Etienne mettait en scène, créait le spectacle dans tous les domaines, de l'information au divertissement, Patrick produisait et veillait à ce que ce soit rentable. « Une télévision qui ne gagne pas d’argent, n’existe pas. Et pour gagner de l’argent, il faut faire de l’audience et l’audience ne vient quoi qu’on dise que si le programme est de qualité » C’était la règle d’or.

Alors beaucoup lui ont reproché d’avoir un jour réduit son métier à fabriquer du temps de cerveau disponible « Ce que nous vendons à Coca-Cola, c'est du temps de cerveau humain disponible » avait-il déclaré. On était en 2004 et TF1 était la chaîne de télévision la plus puissante d'Europe. Patrick Le Lay définissait alors ce qu'était le modèle de son entreprise : une machine à vendre des emplacements publicitaires au milieu de programmes qui dominaient outrageusement le paysage audiovisuel français.

Certains ont essayé de le défendre en expliquant qu’il s’agissait d’une maladresse. Ils ont tort, PLL assumait totalement sa provocation qui lui a collé à la peau jusqu’au dernier jour.

Mais jusqu’au dernier jour de son mandat, il a développé son modèle en ajoutant un bouquet de chaîne autour de la chaîne mère.

Là encore, on lui reprochera longtemps de ne pas avoir cru à la TNT, au digital et à l’international ..., parce que s’il y avait cru, le groupe serait sans doute plus puissant que Facebook aujourd´hui.

La vérité dans cette affaire, c’est que Patrick Le Lay croyait à la télévision payante.

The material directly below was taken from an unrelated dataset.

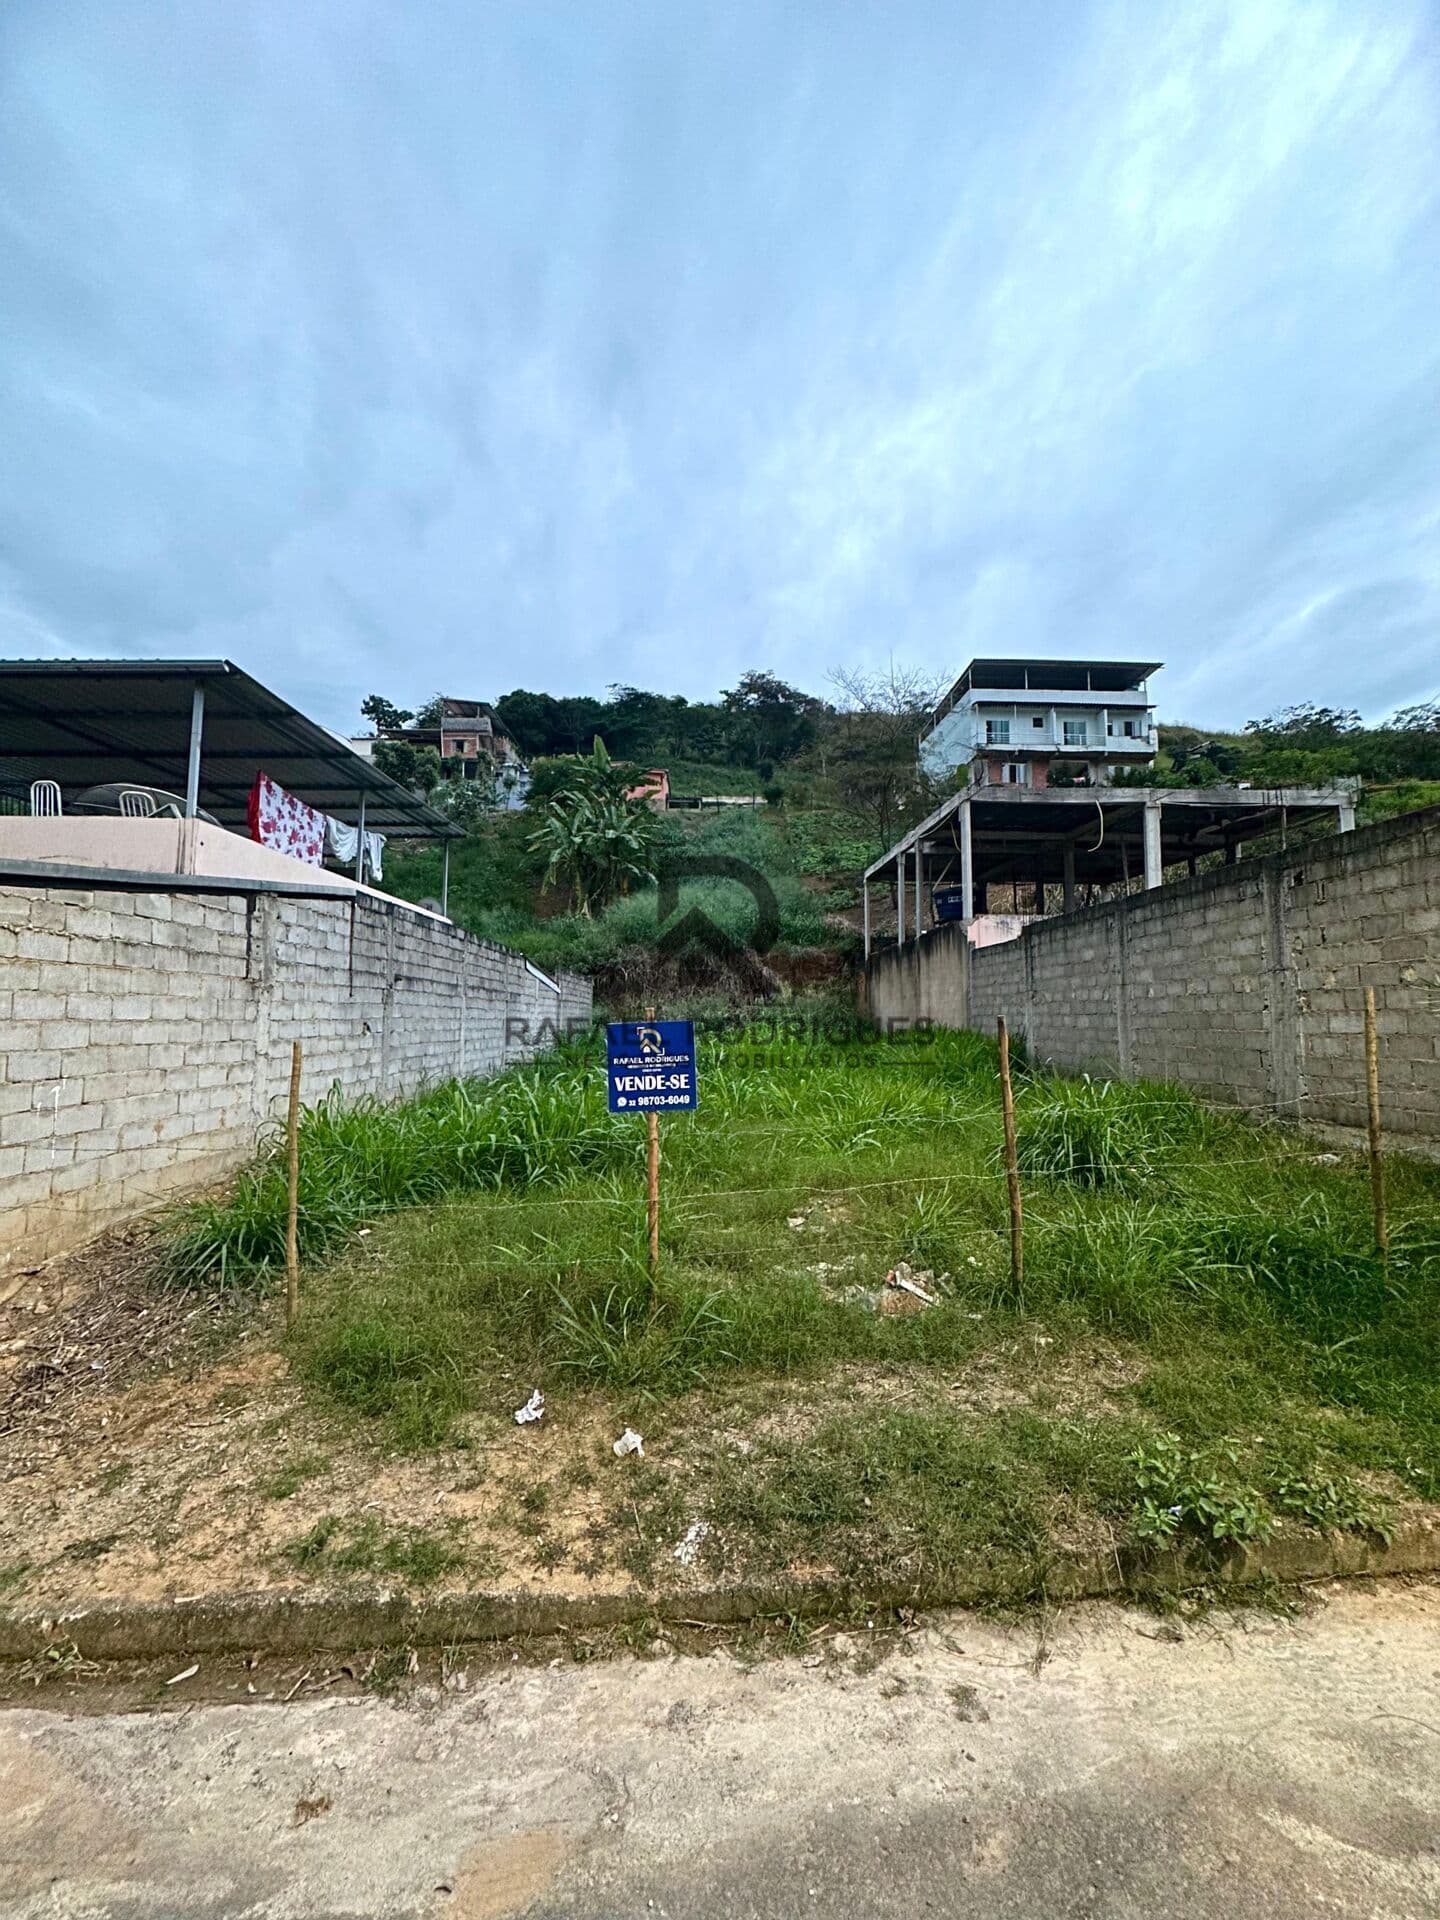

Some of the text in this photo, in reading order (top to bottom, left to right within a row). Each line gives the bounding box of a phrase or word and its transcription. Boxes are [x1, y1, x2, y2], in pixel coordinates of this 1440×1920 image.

[613, 1057, 643, 1065] RAFAEL
[645, 1055, 690, 1064] RODRIGUES
[615, 1074, 690, 1091] VENDE-SE
[638, 1095, 690, 1106] 98703-6049

Il ne croyait pas à la télévision gratuite qui n’aurait vécu que de la publicité. Il avait raison, mais beaucoup trop tôt. Il croyait à la pay tv. 

La publicité s’est progressivement détournée de la télévision pour aller se réfugier dans le digital, tout comme les séries vidéo, les films ou l’information. TF1 a trop tardé à faire sa mutation digitale non pas parce que le couple Le Lay-Mougeotte n'y croyait pas, mais parce qu’ils appartenaient à un groupe dont l’effort d’investissement était principalement orienté sur la téléphonie mobile.

Patrick Le Lay a été d’une loyauté totale.  Mais tout ce qui s’est passé depuis dix ans lui a donné raison.

Patrick le Lay était, certains jours, impossible à vivre, brutal, exigeant, impitoyable avec la médiocrité ou la bêtise, mais toujours courageux, et juste.  Bienveillant et attentif avec tous ceux qu‘il avait choisis pour travailler près de lui. Il accordait sa confiance et tout était possible, à condition de respecter cette confiance.

Nous l’aimions profondément. Je l’aimais profondément. Il voulait être entendu, mais il passait beaucoup de temps à écouter.

Je pense à Dominique, je pense à ses enfants et ses petits enfants pour lesquels il dégageait ces derniers temps beaucoup de temps disponible de son cerveau.

Patrick est mort le lendemain de la Saint Patrick. Il était Breton, et pour un breton cette fête est sacrée. Il était breton et il est donc mort en pleine tempête contre la maladie à un moment où le monde qu’il a si souvent observé vacille.